By Kev Hedges     May 3, 2014 in Environment
Sacramento - The California State Senate has advanced a bill to restrict the use of antibiotics in farm animals. Farmers have been using antibiotics for growth enhancement, but now the bill will demand that the drugs be sold by prescription for medical reasons only.
California is the first state in the US to force such a bill. Factory farming has been the culprit in feeding farm animals like pigs, chickens, lambs and cattle antibiotics to keep the animals healthier and alive much longer. Years ago, warnings that using four times the amount of antibiotics on animals as we do on humans, would always lead to a disaster — and now it is beginning to.
What is happening now in America is that we are running out of effective pharmaceuticals to treat out of control super bugs, and it's all because the antibiotics used on farm animals has been too readily administered.

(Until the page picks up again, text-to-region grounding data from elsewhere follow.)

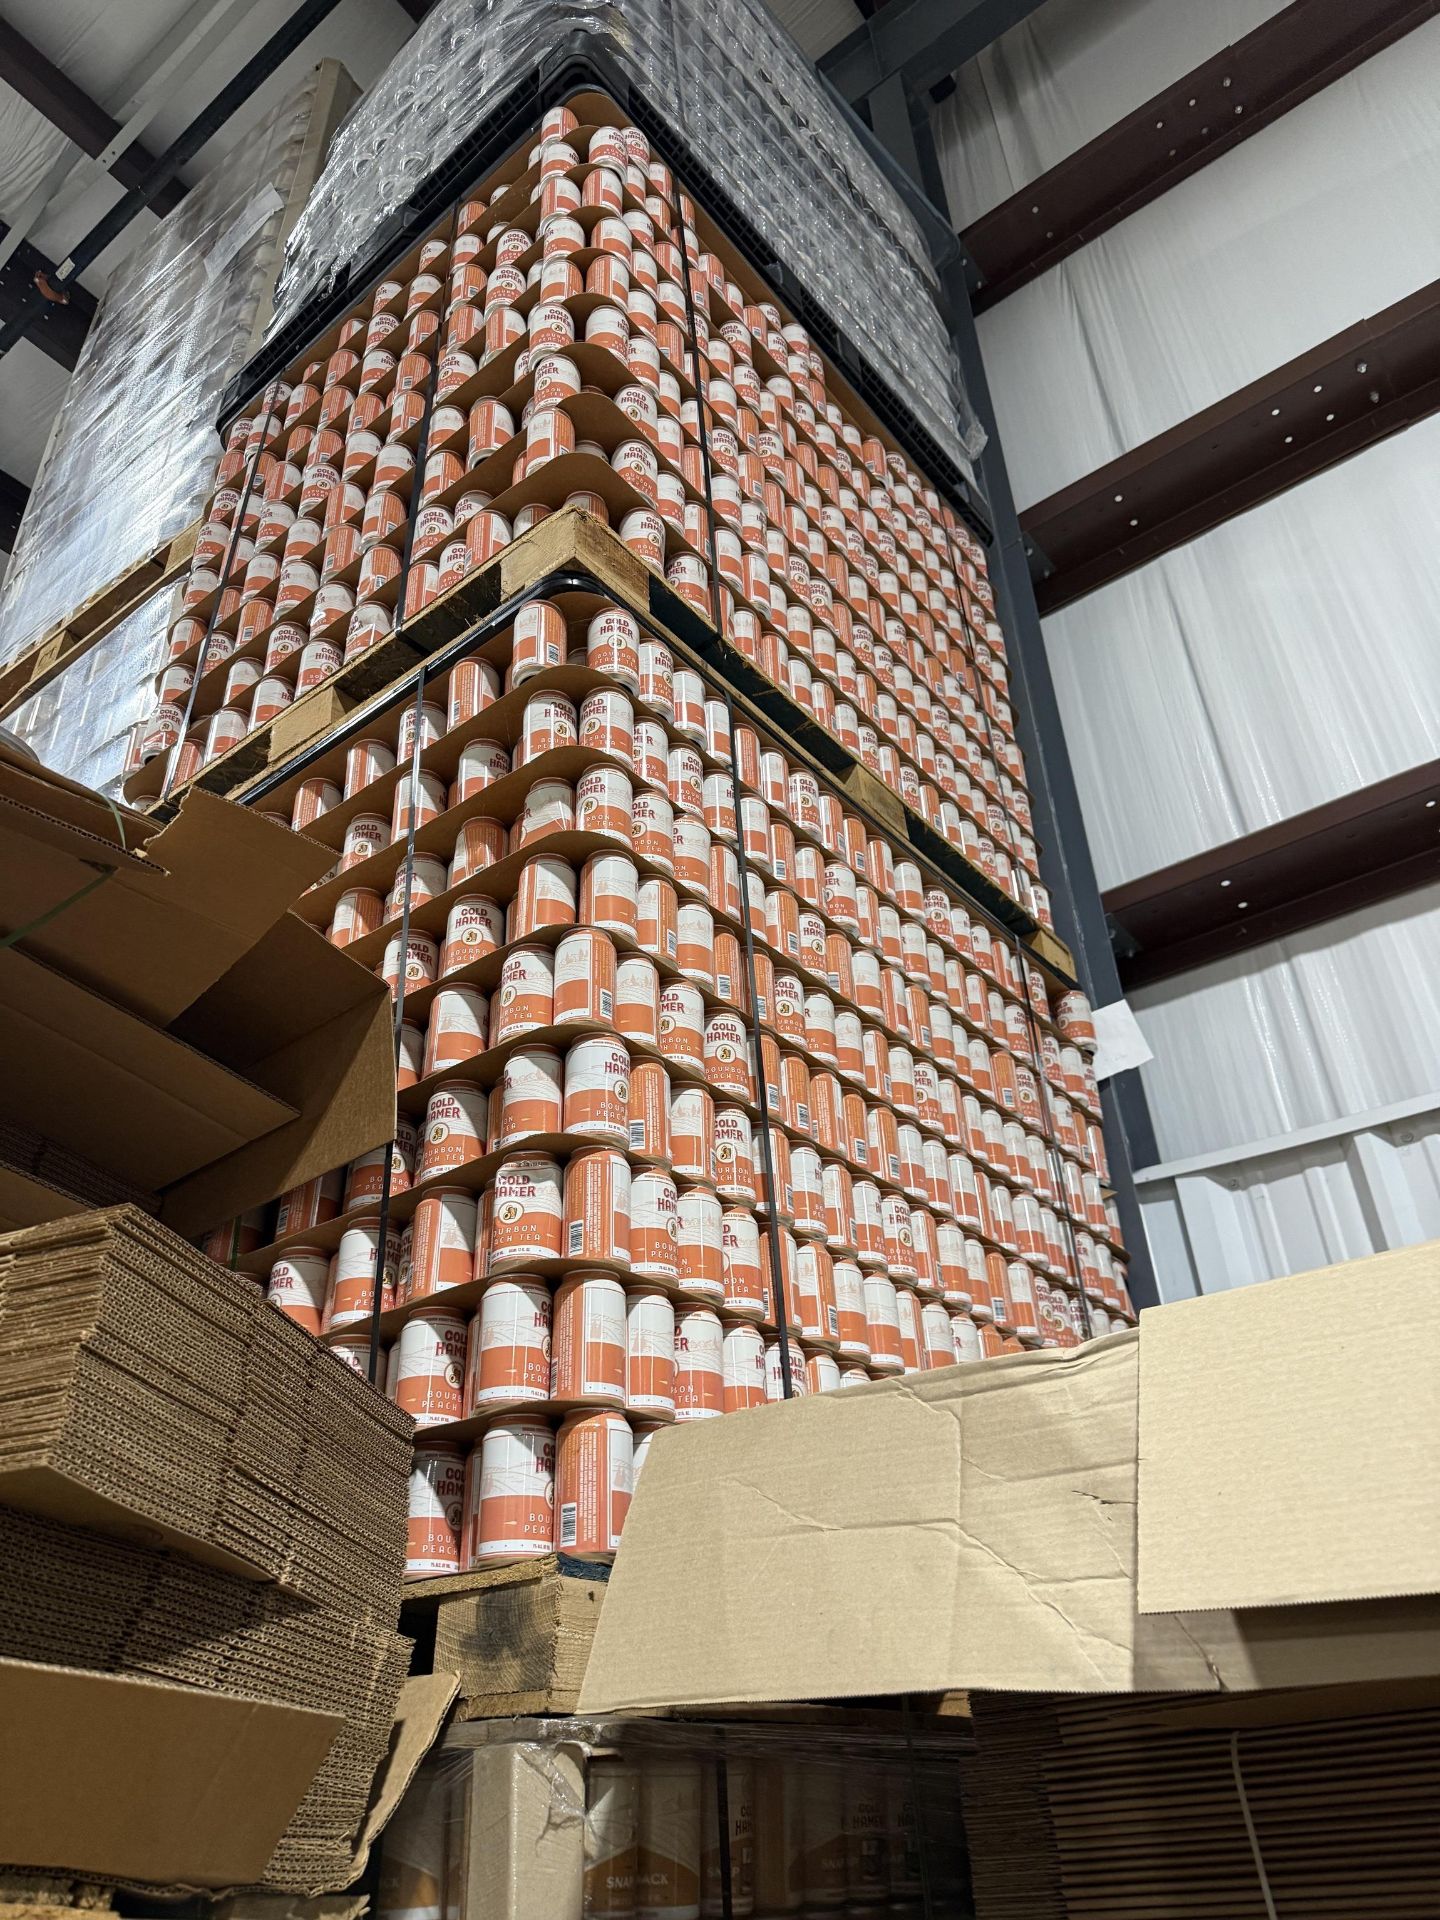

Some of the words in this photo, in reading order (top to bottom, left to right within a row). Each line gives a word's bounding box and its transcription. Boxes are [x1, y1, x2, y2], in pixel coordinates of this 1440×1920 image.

[501, 269, 520, 277] COLD
[496, 275, 523, 285] HAMER
[549, 309, 569, 319] COLD
[627, 392, 646, 402] COLD
[621, 397, 649, 413] HAMER
[629, 447, 650, 458] COLD
[624, 453, 651, 467] HAMER
[312, 473, 338, 483] HAMER
[420, 517, 447, 527] HAMER
[447, 553, 466, 563] HAM
[668, 567, 686, 577] MER
[606, 618, 629, 627] COLD
[600, 626, 633, 638] HAMER
[273, 636, 301, 647] HAMER
[322, 647, 341, 659] COLD
[660, 652, 673, 660] COL
[315, 653, 341, 665] HAME
[655, 657, 673, 667] HAM
[551, 701, 573, 714] COLD
[582, 699, 604, 711] COLD
[545, 709, 576, 721] HAMER
[490, 760, 510, 771] HAM
[688, 756, 702, 766] COL
[682, 762, 703, 774] HAM
[580, 777, 601, 788] COLD
[634, 810, 655, 819] MER
[461, 907, 487, 916] COLD
[455, 916, 492, 928] HAMER
[451, 949, 487, 958] BOURBO
[503, 961, 521, 972] COLD
[661, 1002, 684, 1013] MER
[712, 1023, 737, 1031] COLD
[707, 1032, 742, 1043] HAMER
[604, 1062, 629, 1078] HAME
[915, 1078, 932, 1087] MER
[431, 1098, 454, 1110] COLD
[600, 1102, 625, 1112] BOUR
[428, 1107, 461, 1121] HAMER
[715, 1119, 737, 1128] COLD
[715, 1130, 743, 1141] AMER
[425, 1147, 462, 1158] OURBON
[718, 1166, 748, 1174] URBON
[498, 1175, 530, 1185] COLD
[495, 1186, 536, 1197] HAMER
[658, 1198, 677, 1212] HAM
[889, 1214, 911, 1224] HAME
[493, 1224, 537, 1238] OURBON
[520, 1233, 541, 1241] TEA
[369, 1248, 399, 1264] HME
[651, 1250, 677, 1260] PEAC
[270, 1278, 293, 1288] MER
[445, 1331, 467, 1342] COL
[436, 1342, 466, 1357] HAME
[523, 1373, 550, 1382] PEAC
[773, 1368, 805, 1381] HME
[428, 1391, 462, 1402] BOURB
[678, 1395, 698, 1403] TEA
[422, 1400, 457, 1411] PEACH
[543, 1443, 554, 1456] CO
[446, 1467, 465, 1480] COL
[436, 1481, 464, 1495] HAM
[524, 1524, 551, 1534] PEAC
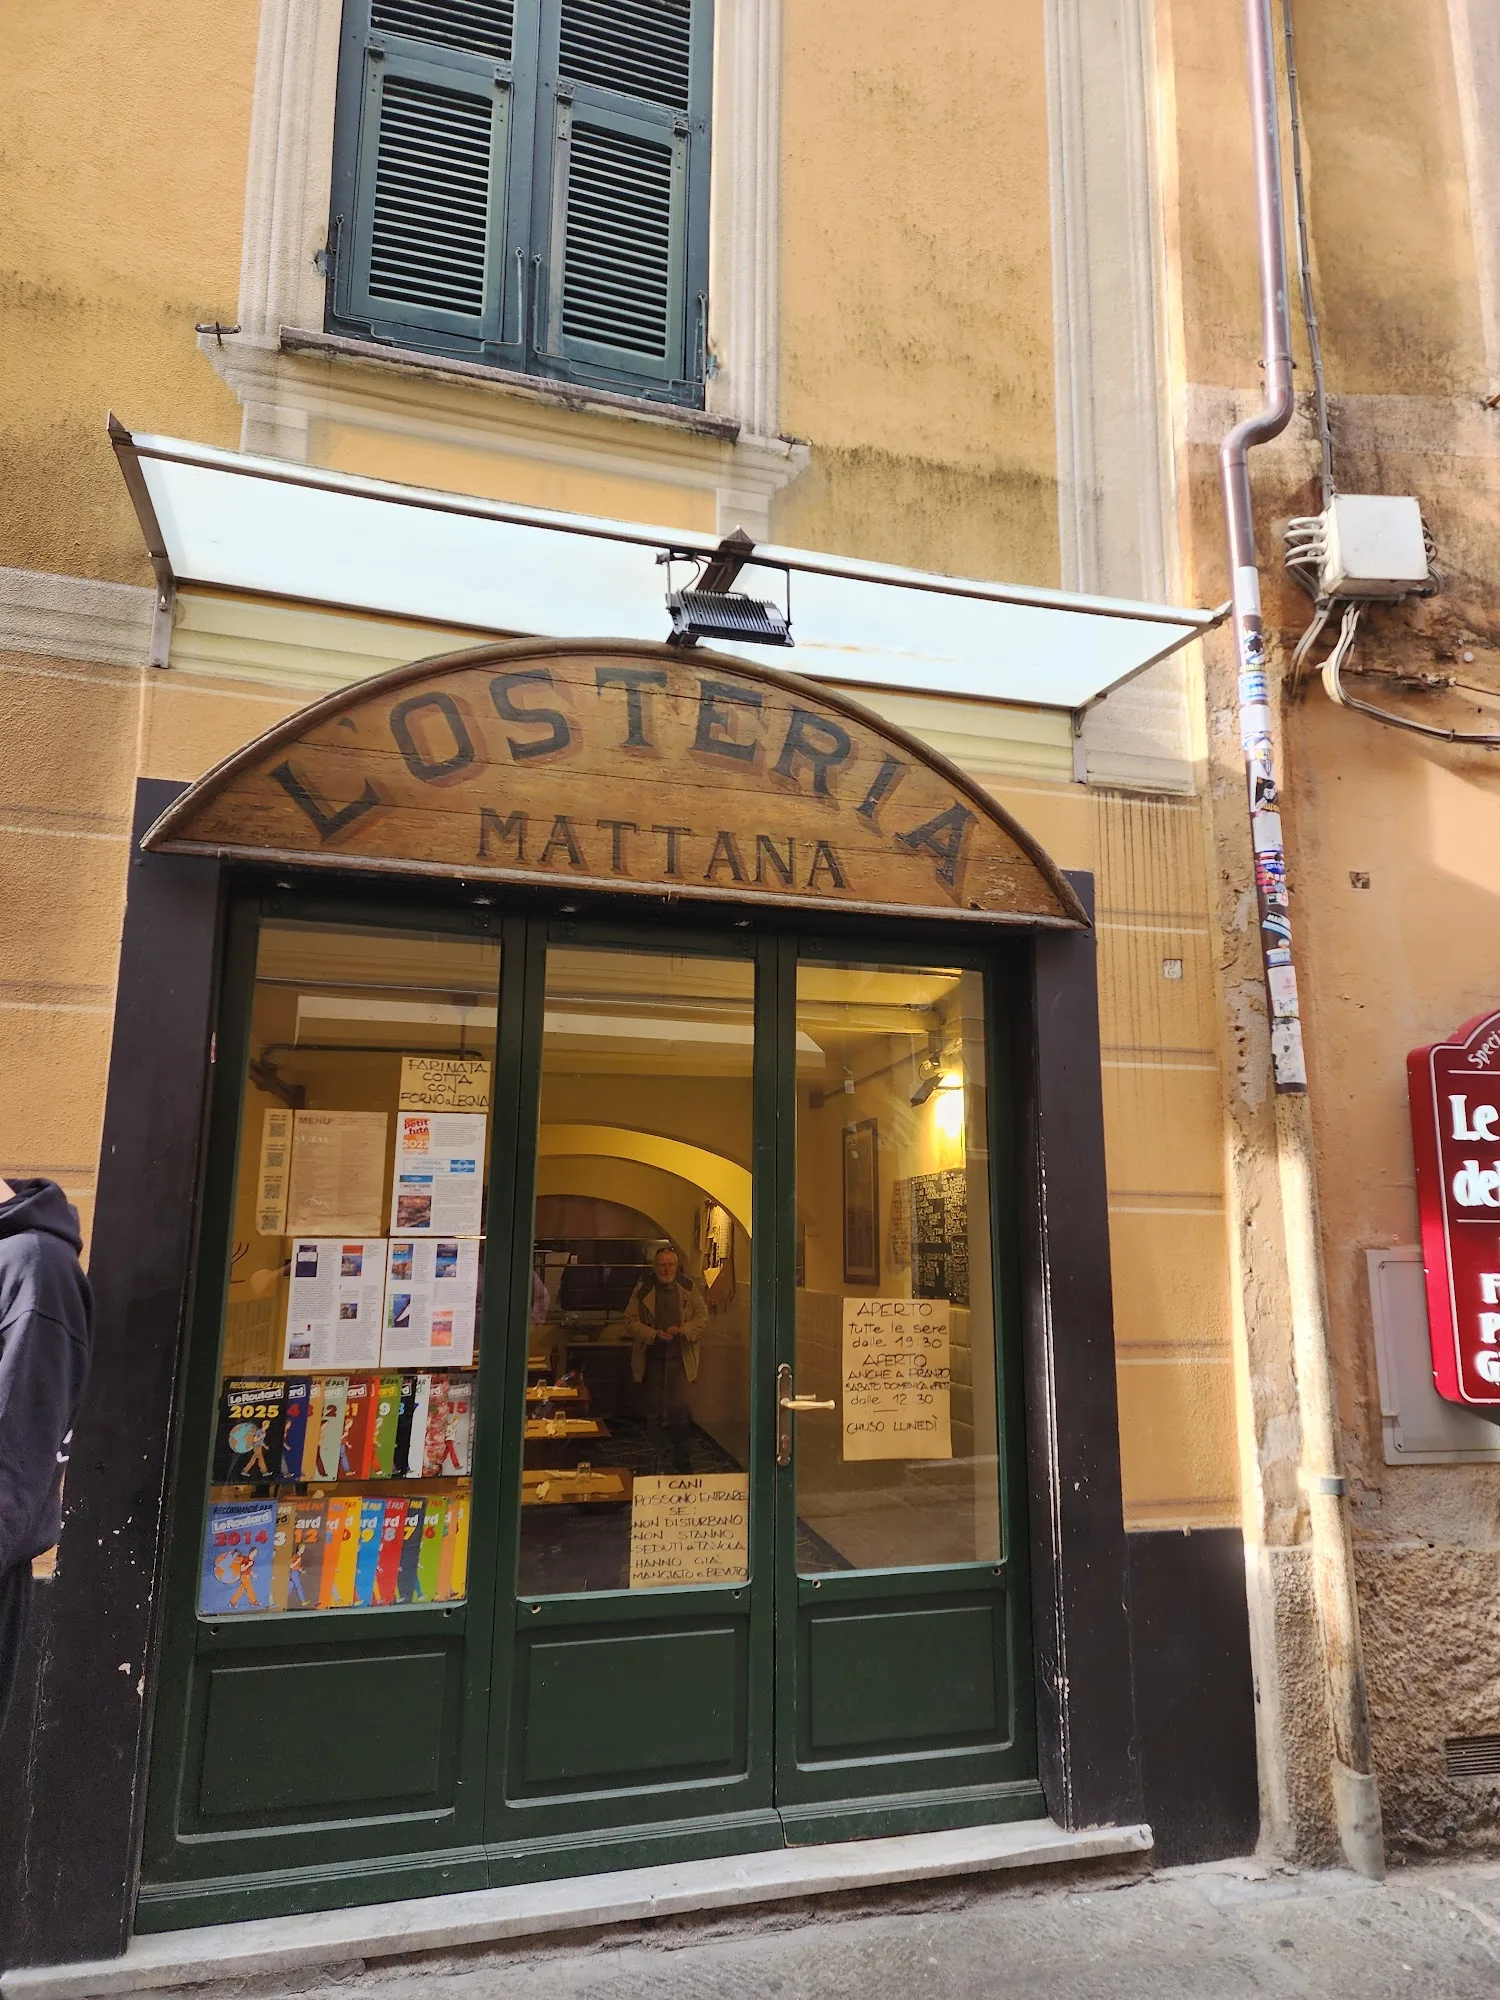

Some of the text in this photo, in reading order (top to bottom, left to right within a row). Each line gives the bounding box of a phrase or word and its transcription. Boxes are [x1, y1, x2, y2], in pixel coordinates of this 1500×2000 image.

[269, 666, 981, 890] L'OSTERIA
[476, 806, 847, 891] MATTANA
[408, 1059, 487, 1074] FARINATA
[423, 1072, 473, 1084] COTTA
[427, 1083, 457, 1093] CON
[400, 1092, 445, 1105] FORNO
[450, 1095, 488, 1107] LEGNA
[1448, 1094, 1500, 1141] Le
[404, 1119, 428, 1130] petit
[403, 1139, 429, 1149] 2023
[857, 1302, 933, 1317] APERTO
[891, 1322, 905, 1333] le
[913, 1324, 947, 1335] sere
[852, 1336, 887, 1348] dalle
[862, 1353, 928, 1368] APERTO
[848, 1367, 950, 1380] ANCHE A PRANZO
[850, 1394, 881, 1405] dalle
[228, 1405, 279, 1418] 2025
[657, 1478, 702, 1490] I CANI
[634, 1490, 747, 1507] POSSONO ENTRARE
[665, 1514, 743, 1528] DISTURBANO
[215, 1530, 268, 1547] 2014
[678, 1529, 734, 1540] STANNO
[635, 1542, 682, 1554] SEDUTI
[695, 1541, 746, 1551] TAVOLA
[635, 1558, 682, 1569] HANNO
[632, 1570, 694, 1580] MANGIATO
[706, 1567, 748, 1578] BEVUTO

The bill mandates that antibiotics be prescribed by veterinarians for medical uses and that big pharma companies change labels for animal antibiotics to clearly state that they are to be sold only by prescription, reports Los Angeles Times.
However, the bill, championed by Assemblyman Kevin Mullin and state Senator Jerry Hill was weakened on Thursday after one part of the bill was withdrawn.
In December, the Food and Drug Administration (FDA) requested that pharmaceutical companies, factory farmers, livestock and poultry producers tone down its use of antibiotics on farm animals. The California bill aims to make this recommendation possess more teeth, as public health professionals and people's interest groups have warned that humans are now resistant to life-saving drugs.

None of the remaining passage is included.